Mientras la misión entra con éxito en su quinto día de un ciclo lunar planificado de 10 días, la tripulación de la cápsula Orion se ha visto obligada a lidiar con fallas intermitentes en el sistema de gestión de desechos de la nave espacial.

El problema técnico: una línea de ventilación congelada

El problema principal tiene que ver con el inodoro de la cápsula Orion, que ha tenido problemas para eliminar adecuadamente los desechos. El sábado, la NASA informó que el sistema no podía arrojar desechos por la borda, un problema probablemente causado por una línea de ventilación de aguas residuales obstruida.

En el entorno extremo del espacio profundo, la regulación de la temperatura es una batalla constante. Los ingenieros de la NASA sospechan que se puede haber formado hielo dentro de la línea de ventilación, bloqueando el flujo. Para combatir esto, la tripulación y el control terrestre han implementado dos soluciones principales:
Orientación solar: La nave espacial fue maniobrada para apuntar el respiradero hacia el Sol, utilizando calor solar para descongelar el bloqueo.
Activación del calentador: Los ingenieros están utilizando calentadores de ventilación a bordo para derretir cualquier posible acumulación de hielo.

Si bien estos esfuerzos han liberado espacio en el tanque de aguas residuales y han mantenido el inodoro parcialmente operativo, el sistema aún no es completamente confiable. Como precaución, la tripulación recibió instrucciones de utilizar recipientes de plástico plegables para recolectar orina durante la noche.

La vida en una “Camper Van”

La dificultad técnica pone de relieve las limitaciones físicas de los viajes al espacio profundo. Los cuatro miembros de la tripulación (Reid Wiseman, Victor Glover, Christina Koch y Jeremy Hansen) viven en una cabaña del tamaño aproximado de una pequeña caravana (5 m de ancho por 3 m de alto).

En un entorno tan confinado y presurizado, la higiene y la gestión de residuos no son sólo cuestiones de comodidad; son fundamentales para la salud y el bienestar psicológico de la tripulación. La especialista de la misión Christina Koch se refirió con humor a sí misma como la “fontanera espacial”, y señaló que en microgravedad, el inodoro es quizás el equipo más vital a bordo.

Por qué la gestión de residuos es importante para la exploración futura

La “fijación” en el inodoro, como la describió John Honeycutt del Equipo de Gestión de la Misión Artemis II, surge de una realidad fundamental de los viajes espaciales: la logística.

Para misiones cortas en órbita terrestre baja (como las de la Estación Espacial Internacional), la gestión de residuos es un problema resuelto. Sin embargo, para las misiones de larga duración a la Luna o Marte, la complejidad aumenta exponencialmente. Cada kilogramo de residuos debe gestionarse, almacenarse o eliminarse sin comprometer la atmósfera interna de la nave espacial ni la salud de la tripulación.

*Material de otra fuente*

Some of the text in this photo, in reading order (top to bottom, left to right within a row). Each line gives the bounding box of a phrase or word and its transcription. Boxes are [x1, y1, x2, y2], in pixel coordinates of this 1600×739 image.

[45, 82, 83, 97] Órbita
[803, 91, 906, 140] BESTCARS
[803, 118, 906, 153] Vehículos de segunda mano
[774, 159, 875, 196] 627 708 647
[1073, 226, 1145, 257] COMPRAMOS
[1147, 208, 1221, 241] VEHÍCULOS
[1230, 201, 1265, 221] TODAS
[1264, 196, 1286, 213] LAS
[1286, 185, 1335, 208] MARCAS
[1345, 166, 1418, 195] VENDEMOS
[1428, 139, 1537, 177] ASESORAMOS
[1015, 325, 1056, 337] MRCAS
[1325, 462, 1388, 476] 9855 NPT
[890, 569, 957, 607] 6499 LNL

El administrador de la NASA, Jared Isaacman, reconoció el revés y señaló que si bien la humanidad puede realizar “cosas extraordinarias” en el espacio, perfeccionar las capacidades básicas de soporte vital sigue siendo un obstáculo importante para la habitación a largo plazo.

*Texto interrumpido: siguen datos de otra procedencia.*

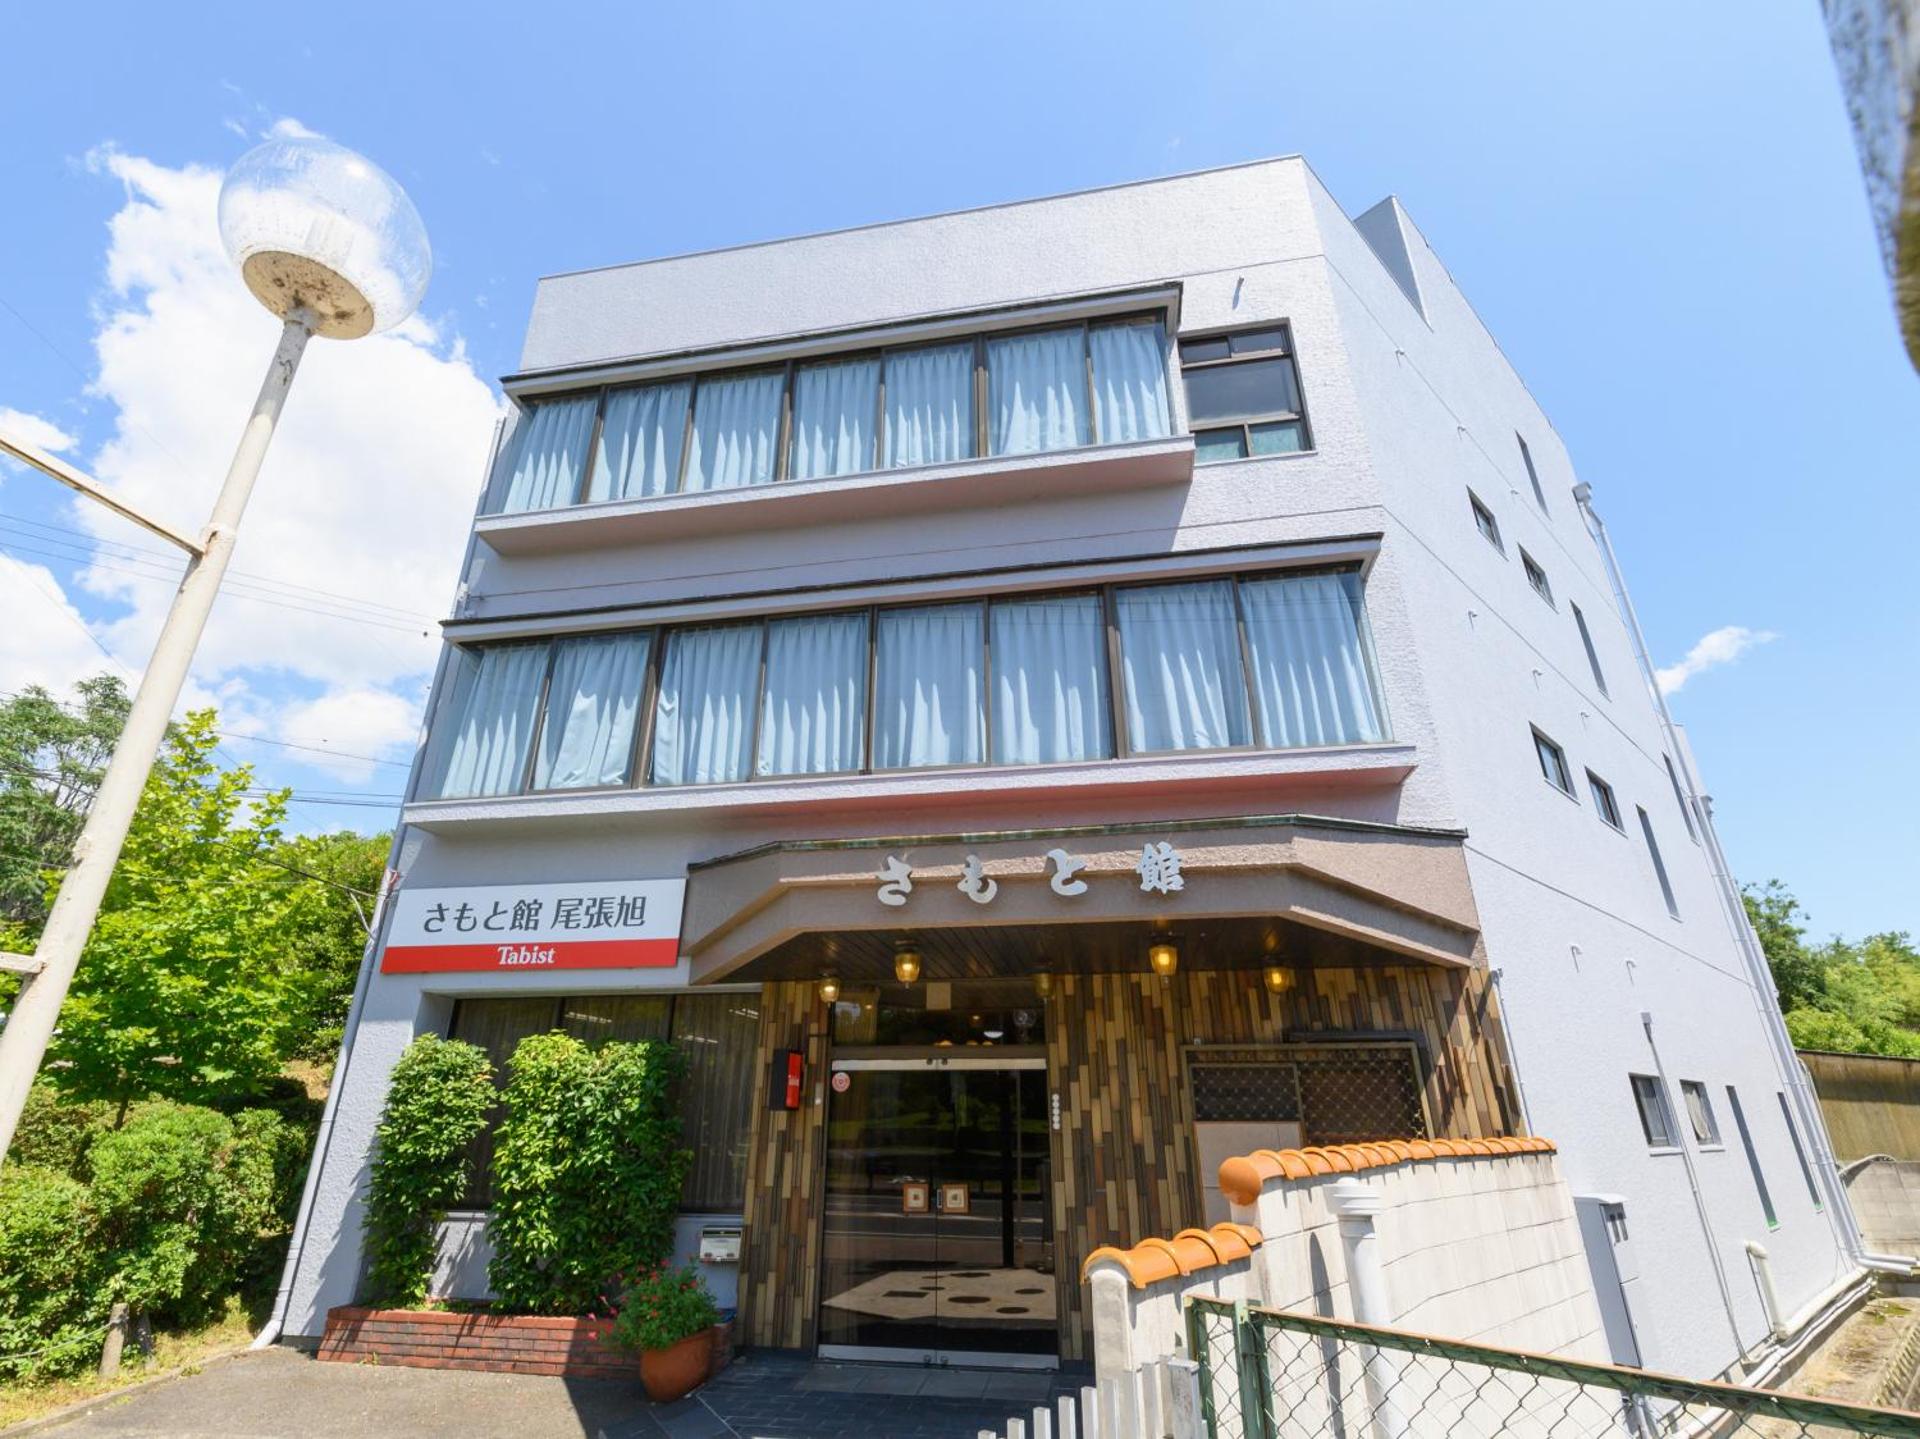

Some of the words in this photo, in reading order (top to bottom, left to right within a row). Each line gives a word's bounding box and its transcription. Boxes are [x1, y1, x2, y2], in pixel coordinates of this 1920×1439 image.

[876, 841, 1185, 906] さもと館
[423, 899, 543, 933] さもと館
[550, 896, 647, 930] 尾張旭
[498, 945, 556, 965] Tabist

“Todo el mundo sabe lo importante que es esto para nosotros aquí en la Tierra. Y es más difícil de gestionar en el espacio”. — John Honeycutt, presidente del equipo de gestión de la misión Artemis II

Estado de la misión

A pesar de las complicaciones de plomería, la misión sigue su rumbo. La cápsula Orión está siguiendo su trayectoria circular planificada alrededor de la cara oculta de la Luna, marcando la primera vez que los humanos se aventuran más allá de la órbita de la Tierra desde 1972.

La misión Artemis II continúa demostrando que incluso cuando superamos los límites de la física y la navegación celeste, las necesidades biológicas más básicas siguen siendo nuestro mayor desafío de ingeniería.